Hombre, disolver una asociación de millares de católicos que andaban desperdigados por el mundo sin saber muchas veces dónde y cómo rehacer sus vidas (sólo estaban dispuestos a acogerlos los soberanos de Prusia y Rusia, que no eran católicos), es una forma paradójica de apostar por la paz. Es posible que aquel pontífice, Clemente XIV, fuera, con todo y eso, un hombre íntegro. Pero aun así, en la historia, mucho antes de él, hubo obispos de Roma que quedaron muy lejos de ser personas íntegras.
Desde san Pedro, han abundado los santos. Pero no ha faltado más de un depredador. Y, sin embargo, cuando gobernaron la Iglesia estos últimos, los católicos siguieron siéndolo sin más. No digo que no les importara. Digo que la mayoría de ellos no lo sabía, ni siquiera en el caso de que fueran comportamientos públicos. Y quienes lo sabían no dejaban de ser católicos por eso (por más que hubiera casos en que sí dejaran de serlo). Su fe no dependía de quién y cómo fuera el obispo de Roma.
Pues bien, la cosa es que, un día, se me ocurrió repasar la historia de los obispos de Roma de Pío VI en adelante; es decir: desde aquel que Napoleón llevó a morir en Francia en calidad de prisionero en 1799. Y no ha habido uno sólo, en estos 216 años últimos, de quien pueda decirse que no fue un hombre íntegro. Ni uno. Los ha habido mejores y peores. Unos han sido más abiertos que otros. Cada uno ha tenido una inteligencia distinta. No han faltado equivocaciones importantes.
Pero no cabe afirmar de ninguno de ellos que haya hecho nada semejante a lo que hizo Clemente XIV, por limitarme al caso que me suscita aquellas dudas. Y, la verdad, cuando me di cuenta de ese hecho, me quedé sorprendido. Es una de esas circunstancias que llamamos coloquialmente "providencial", sin lugar a dudas. Se ve que, desde hace la friolera de 216 años, las circunstancias históricas (las humanas por tanto) deciden al Espíritu a soplar sobre el colegio cardenalicio con más fuerza de convicción, él sabrá por qué.
Pero nos ha acostumbrado mal. Y esa es la moraleja que uno saca y quiere comunicar también. A veces uno tiene la impresión de que los católicos dependemos excesivamente del atractivo del obispo de Roma, de su simpatía, de su liderazgo en definitiva. No digo, claro, que todas estas cualidades sean malas. También es una suerte que, en días de carencia de líderes, justo no falta el de la Iglesia. Lo que digo que no es bueno que dependamos de ello. Estoy seguro de que mucha gente lo necesita. Y bien está que se quede tranquila con su entusiasmo.

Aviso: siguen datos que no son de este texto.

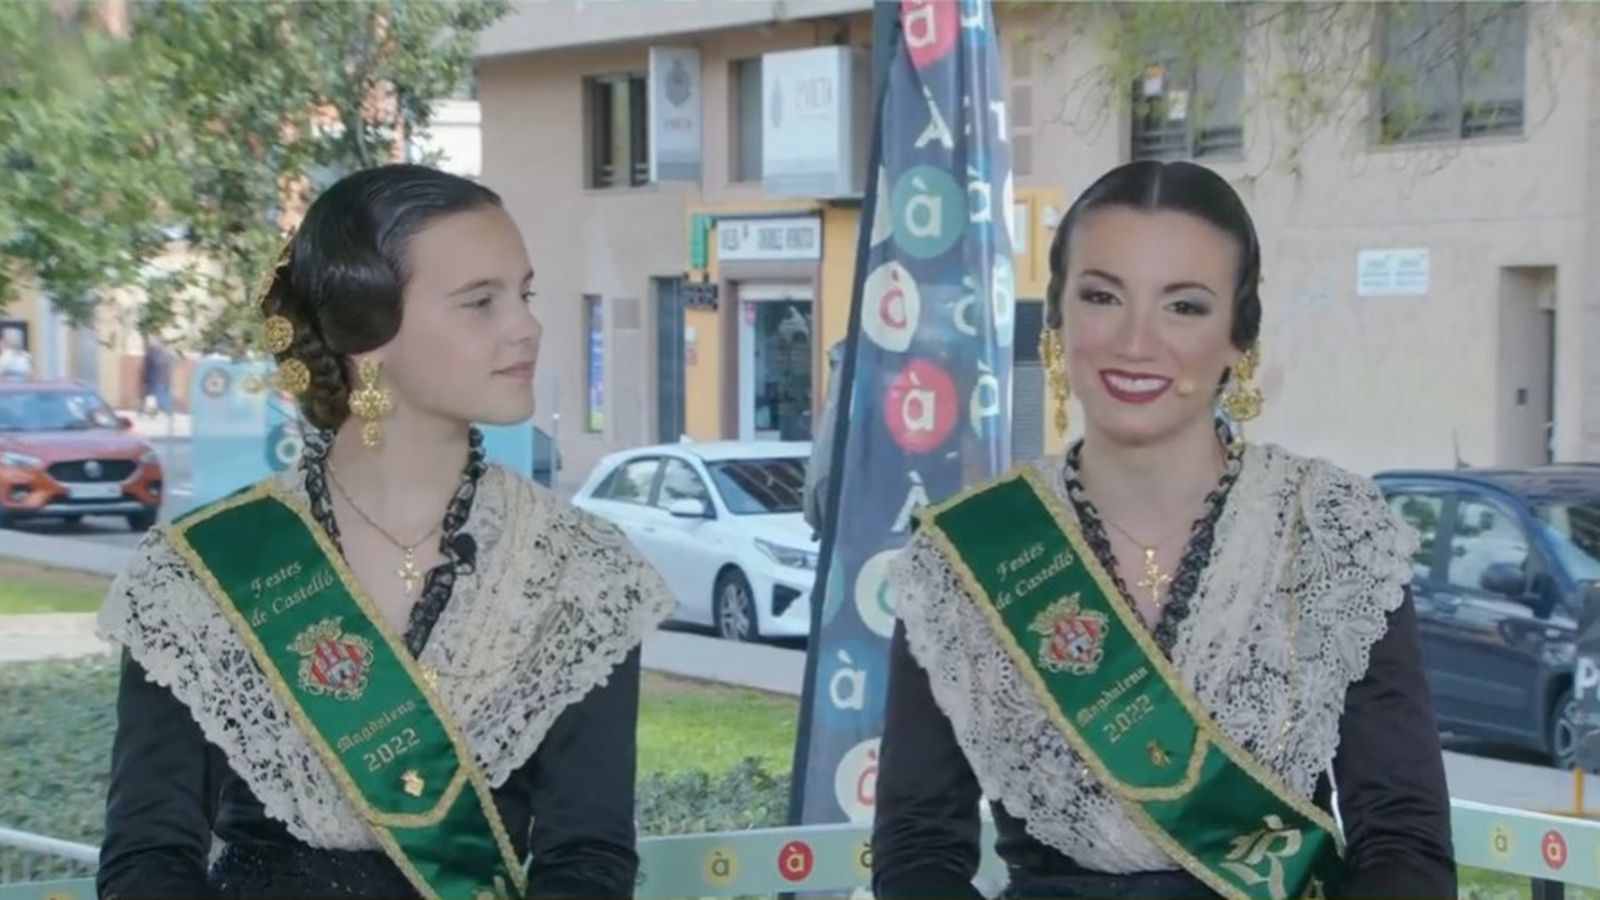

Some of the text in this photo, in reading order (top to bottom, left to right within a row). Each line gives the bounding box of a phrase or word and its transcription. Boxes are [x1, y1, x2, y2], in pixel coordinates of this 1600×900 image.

[904, 176, 942, 237] à
[902, 371, 936, 431] à
[250, 561, 302, 599] Festes
[997, 541, 1045, 583] Festes
[251, 606, 268, 628] de
[829, 649, 867, 711] à
[1102, 694, 1155, 744] 2022
[362, 727, 420, 773] 2022
[786, 846, 806, 873] à

Pero a mí me parece que no debo dejarme llevar por esos criterios. El obispo de Roma −como cualquier católico− ha de ser transparente de tal modo que lo que se consiga es que se vea a través de él a Jesucristo, que es lo que realmente importa. Llevo años pensando en eso. Pero no me importa decir que la personalidad de Francisco −con la discusión que ha seguido a algunas de sus improvisaciones (sobre todo y con diferencia, la relativa a las familias con muchos hijos)− me anima a exponerlo públicamente.
No pasa nada ni porque él diga alguna que otra cosa que le obligue luego a rectificar (e incluso a pedir perdón si hace falta) ni porque haya católicos que manifiesten su desacuerdo con sus palabras. El mío con lo de las familias con muchos hijos es taxativo. Y no pasa nada. Le pido al Espíritu que sople de manera más convincente aún sobre él y con moderación sobre mí y santas pascuas. Para mí le pido moderación precisamente porque sé cómo sopla y me puede poner en la punta del Everest. Pero, mientras no lo haga, no me andaré con prudencias que parezcan la papolatría que no profeso y −sobre todo y muy especialmente− que coarten la libertad que me inspira la propia fe católica.